La cabeza es la llave de una raza. La tradición castellana del congrio en  salazón ha hecho de la cabeza de este pez un referente muy usado al describir las razas caninas. El congrio es un fisóstomo marino, de forma parecida a la de la anguila, de la cual se diferencia por tener la mandíbula superior más larga que la inferior. La descripción del libro real es tan fina y tajante que no debe dejar dudas, ni en la conformación (talle) de la cabeza cuadrada, de poco belfo (bien seca);  también en lo que se refiere al cuerpo atlético, cuello largo,  caja torácica grande, radios óseos derechos, de vientre recogido, de lomo musculoso y de tercio posterior escurrido (no cargado).
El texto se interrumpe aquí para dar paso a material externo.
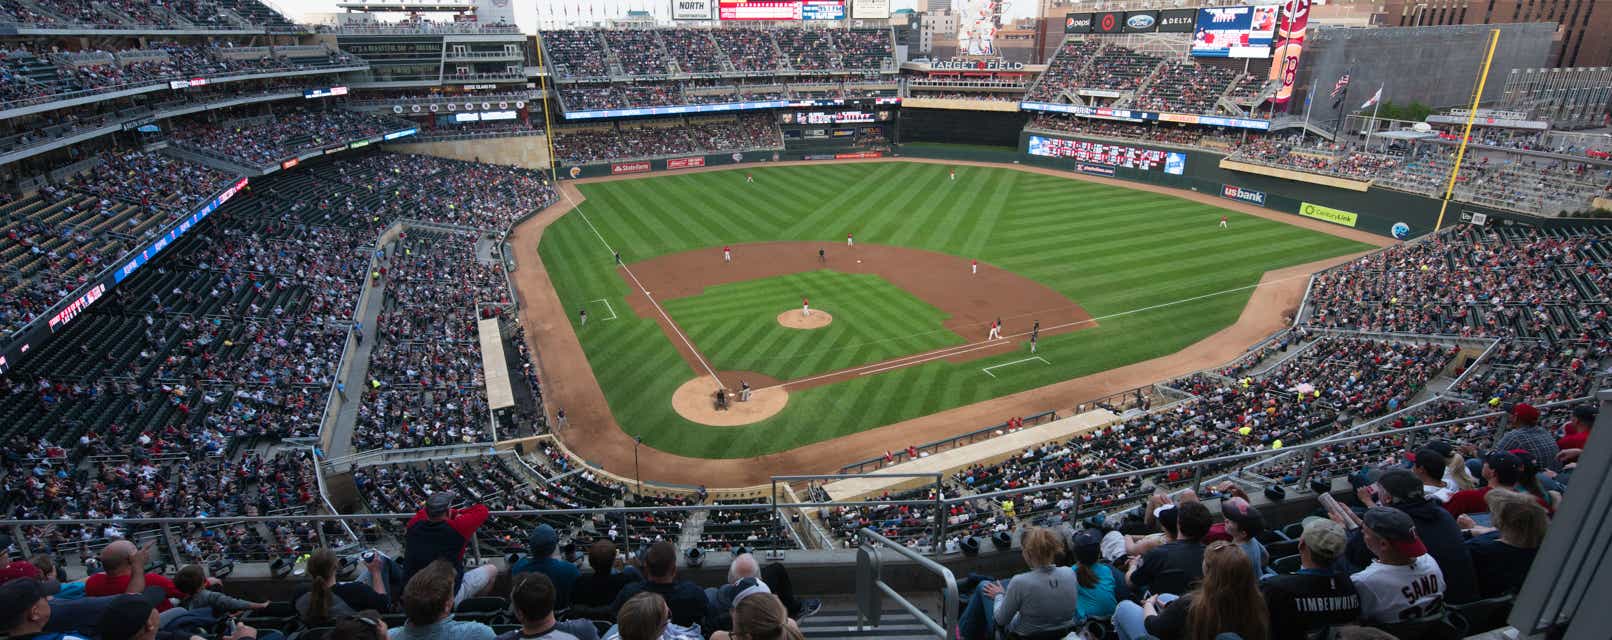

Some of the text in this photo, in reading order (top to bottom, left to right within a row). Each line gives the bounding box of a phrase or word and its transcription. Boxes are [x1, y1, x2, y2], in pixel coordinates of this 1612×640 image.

[679, 2, 705, 10] NORTH
[931, 61, 1024, 69] TARGET FIELD
Igual que genéticamente algunos caracteres van ligados al sexo, también algunos caracteres se transmiten de unos ejemplares a otros o se conservan en una población racial como en caracteres vinculados, algo así como un paquete de características asociadas. En el caso del alano, la mordida en tijera y el cráneo dolicocéfalo, va asociado a perfil facial recto, la estructura galopadota, la grupa derribada, los costillares planos, los ojos oblicuos, el carácter áspero, el instinto de caza, el pelaje áspero, el ocasional pie de liebre… Los perros braquicéfalos de presa son chatos, prognáticos al noventa y ocho por ciento, de pelo más suave, constitución cilíndrica, carácter meloso, labios carnosos y abundantes, más ladradores y ansioso, pie recogido, paso al trote cochinero…De ahí que sea importante en el momento actual de la raza deslindar definitoriamente tipos contrarios, especialmente para los futuros usuarios y también para la cinofilia organizada.